[Dataset entries]

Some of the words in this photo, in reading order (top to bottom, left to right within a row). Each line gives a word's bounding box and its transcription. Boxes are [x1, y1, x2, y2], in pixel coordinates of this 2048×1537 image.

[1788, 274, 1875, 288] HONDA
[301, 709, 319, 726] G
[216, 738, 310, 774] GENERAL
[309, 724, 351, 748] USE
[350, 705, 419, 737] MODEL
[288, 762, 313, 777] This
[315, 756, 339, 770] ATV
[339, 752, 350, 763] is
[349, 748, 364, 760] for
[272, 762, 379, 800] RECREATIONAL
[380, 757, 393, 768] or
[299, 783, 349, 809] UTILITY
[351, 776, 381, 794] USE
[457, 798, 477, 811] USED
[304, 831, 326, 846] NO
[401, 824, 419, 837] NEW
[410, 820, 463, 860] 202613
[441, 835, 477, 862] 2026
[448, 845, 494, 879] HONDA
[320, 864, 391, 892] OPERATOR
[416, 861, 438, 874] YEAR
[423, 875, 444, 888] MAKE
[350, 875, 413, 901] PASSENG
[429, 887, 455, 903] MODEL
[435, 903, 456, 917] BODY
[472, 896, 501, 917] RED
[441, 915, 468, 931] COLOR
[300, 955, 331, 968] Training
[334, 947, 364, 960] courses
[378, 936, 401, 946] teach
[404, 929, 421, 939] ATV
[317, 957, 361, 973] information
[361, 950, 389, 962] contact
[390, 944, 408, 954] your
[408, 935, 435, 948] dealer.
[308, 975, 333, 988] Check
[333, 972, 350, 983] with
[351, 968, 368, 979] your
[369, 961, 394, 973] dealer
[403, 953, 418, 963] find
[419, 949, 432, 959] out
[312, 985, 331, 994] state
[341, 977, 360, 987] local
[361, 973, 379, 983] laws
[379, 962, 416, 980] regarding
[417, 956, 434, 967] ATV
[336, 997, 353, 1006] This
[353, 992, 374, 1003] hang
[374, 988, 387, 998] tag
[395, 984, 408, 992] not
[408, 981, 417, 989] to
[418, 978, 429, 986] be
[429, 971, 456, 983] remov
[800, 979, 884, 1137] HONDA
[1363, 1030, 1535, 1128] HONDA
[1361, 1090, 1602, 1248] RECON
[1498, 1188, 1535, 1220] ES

**What this task involves**
Once more, write out the entries exactly as they were written.

**The answer**
Some of the words in this photo, in reading order (top to bottom, left to right within a row). Each line gives a word's bounding box and its transcription. Boxes are [x1, y1, x2, y2], in pixel coordinates of this 2048×1537 image.

[1788, 274, 1875, 288] HONDA
[301, 709, 319, 726] G
[216, 738, 310, 774] GENERAL
[309, 724, 351, 748] USE
[350, 705, 419, 737] MODEL
[288, 762, 313, 777] This
[315, 756, 339, 770] ATV
[339, 752, 350, 763] is
[349, 748, 364, 760] for
[272, 762, 379, 800] RECREATIONAL
[380, 757, 393, 768] or
[299, 783, 349, 809] UTILITY
[351, 776, 381, 794] USE
[457, 798, 477, 811] USED
[304, 831, 326, 846] NO
[401, 824, 419, 837] NEW
[410, 820, 463, 860] 202613
[441, 835, 477, 862] 2026
[448, 845, 494, 879] HONDA
[320, 864, 391, 892] OPERATOR
[416, 861, 438, 874] YEAR
[423, 875, 444, 888] MAKE
[350, 875, 413, 901] PASSENG
[429, 887, 455, 903] MODEL
[435, 903, 456, 917] BODY
[472, 896, 501, 917] RED
[441, 915, 468, 931] COLOR
[300, 955, 331, 968] Training
[334, 947, 364, 960] courses
[378, 936, 401, 946] teach
[404, 929, 421, 939] ATV
[317, 957, 361, 973] information
[361, 950, 389, 962] contact
[390, 944, 408, 954] your
[408, 935, 435, 948] dealer.
[308, 975, 333, 988] Check
[333, 972, 350, 983] with
[351, 968, 368, 979] your
[369, 961, 394, 973] dealer
[403, 953, 418, 963] find
[419, 949, 432, 959] out
[312, 985, 331, 994] state
[341, 977, 360, 987] local
[361, 973, 379, 983] laws
[379, 962, 416, 980] regarding
[417, 956, 434, 967] ATV
[336, 997, 353, 1006] This
[353, 992, 374, 1003] hang
[374, 988, 387, 998] tag
[395, 984, 408, 992] not
[408, 981, 417, 989] to
[418, 978, 429, 986] be
[429, 971, 456, 983] remov
[800, 979, 884, 1137] HONDA
[1363, 1030, 1535, 1128] HONDA
[1361, 1090, 1602, 1248] RECON
[1498, 1188, 1535, 1220] ES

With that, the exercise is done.